I do not think that it is necessary to read the following paragraph, which deals with the arrests at the University of Clermont-Ferrand, which the Tribunal will certainly remember, and also the arrests in Brittany in 1944, at the time of the invasion. The last paragraph, at the bottom of Page 11:
"I cannot enumerate the cities and villages where, on the pretext of conspiracy or attempted assassinations, whole families were made to suffer. The Germans resorted to round-ups when compulsory labour recruitment no longer furnished them with sufficient workers.

[Page 150]

Round-up in Grenoble, the 24th of December 1943, Christmas Eve

Round-up in Cluny, Saone-et-Loire, in March 1944.

Round-up in Figeac in May 1944.

Most Frenchmen who were rounded up in this way were, in reality, not used for work in Germany, but were deported to be interned in concentration camps."

We might multiply the examples of these arbitrary arrests by delving into official documents which have been submitted by Luxembourg, Denmark, Norway, Holland, and Belgium. These round-ups were never legally justified, they were never even represented as an action taken in accordance with the pseudo- law of hostages to which we have already referred. They were always arbitrary and carried out without any apparent reason, for no apparent reason, or at any rate, without its being possible to motivate them even as a reprisal for the act of any Frenchman, Other collective arrests were made for racial reasons. They were of the same odious nature as those made for political reasons.

On Page 5 of the official document of the Ministry of Prisoners of War and Deportees, the Tribunal may read a few odious details connected with these racial arrests; the third line at the bottom of the page.

"Certain German policemen were especially entrusted to seek out Jewish persons, according to their physiognomy. They called this group 'The Brigade of Physiognomists'. This verification sometimes took place in a public way as far as men were concerned. (At the railway-station at Nice, some were stripped with a revolver pointed at them).

The Parisians remember these roundups in their quarters.
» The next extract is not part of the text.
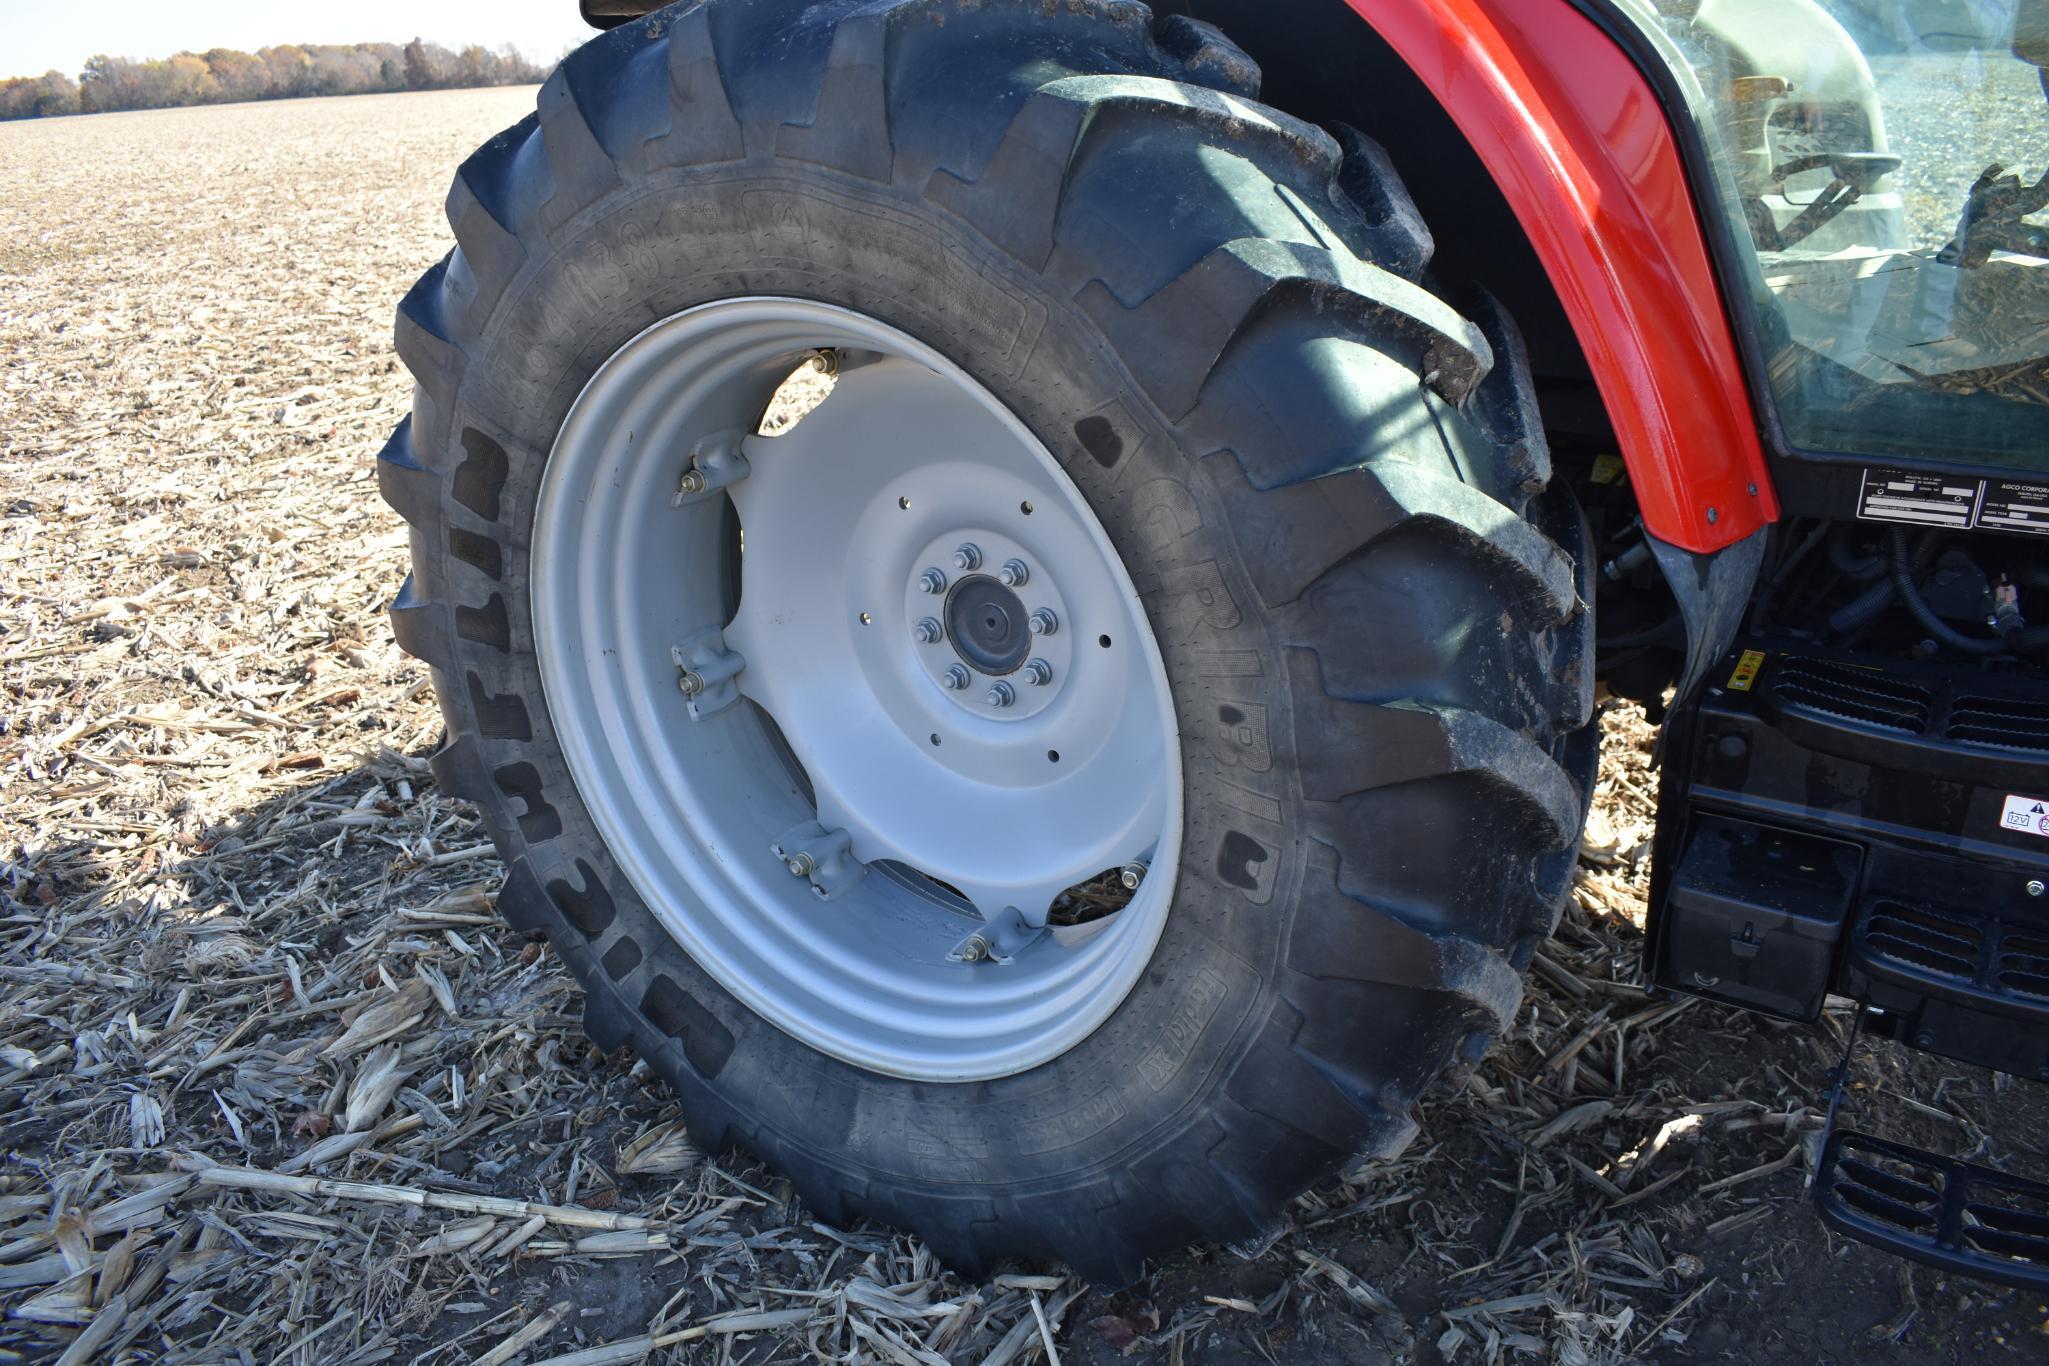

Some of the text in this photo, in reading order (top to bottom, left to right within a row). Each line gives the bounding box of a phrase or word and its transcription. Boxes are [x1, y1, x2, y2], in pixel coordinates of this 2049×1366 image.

The big police buses transported old men, women and children and brought them en masse to the Velodrome D'Hiver, under dreadful sanitary conditions, before taking them to Drancy, where they awaited deportation. The round-up of the month of August 1941, has become infamous for its sad associations. All the exits of the subway of the 11th Arrondissement were closed and all the Jews in that quarter were arrested and imprisoned. The round-up of December 1941 was particularly aimed at intellectual circles. Then there were the round-ups of July 1942.

All the cities in the southern zone, particularly Lyons, Grenoble, Cannes, and Nice, where many Jews had taken refuge, experienced these round-ups after the total occupation of France."

Then there is a revolting detail:
"The Germans sought out all Jewish children who had found refuge with private citizens or with institutions. In May, 1944, they proceeded to arrest the children of the Colony of Eyzieux, and to arrest children who had sought refuge in the Colonies of the U.G.I.F. in June and July 1944."
I do not believe that these children were enemies of the German people, nor that they represented a danger of any kind to the German army in France.

THE PRESIDENT: Perhaps we had better break off now.

(The Tribunal adjourned until 25th January 1946, at 1000 hours.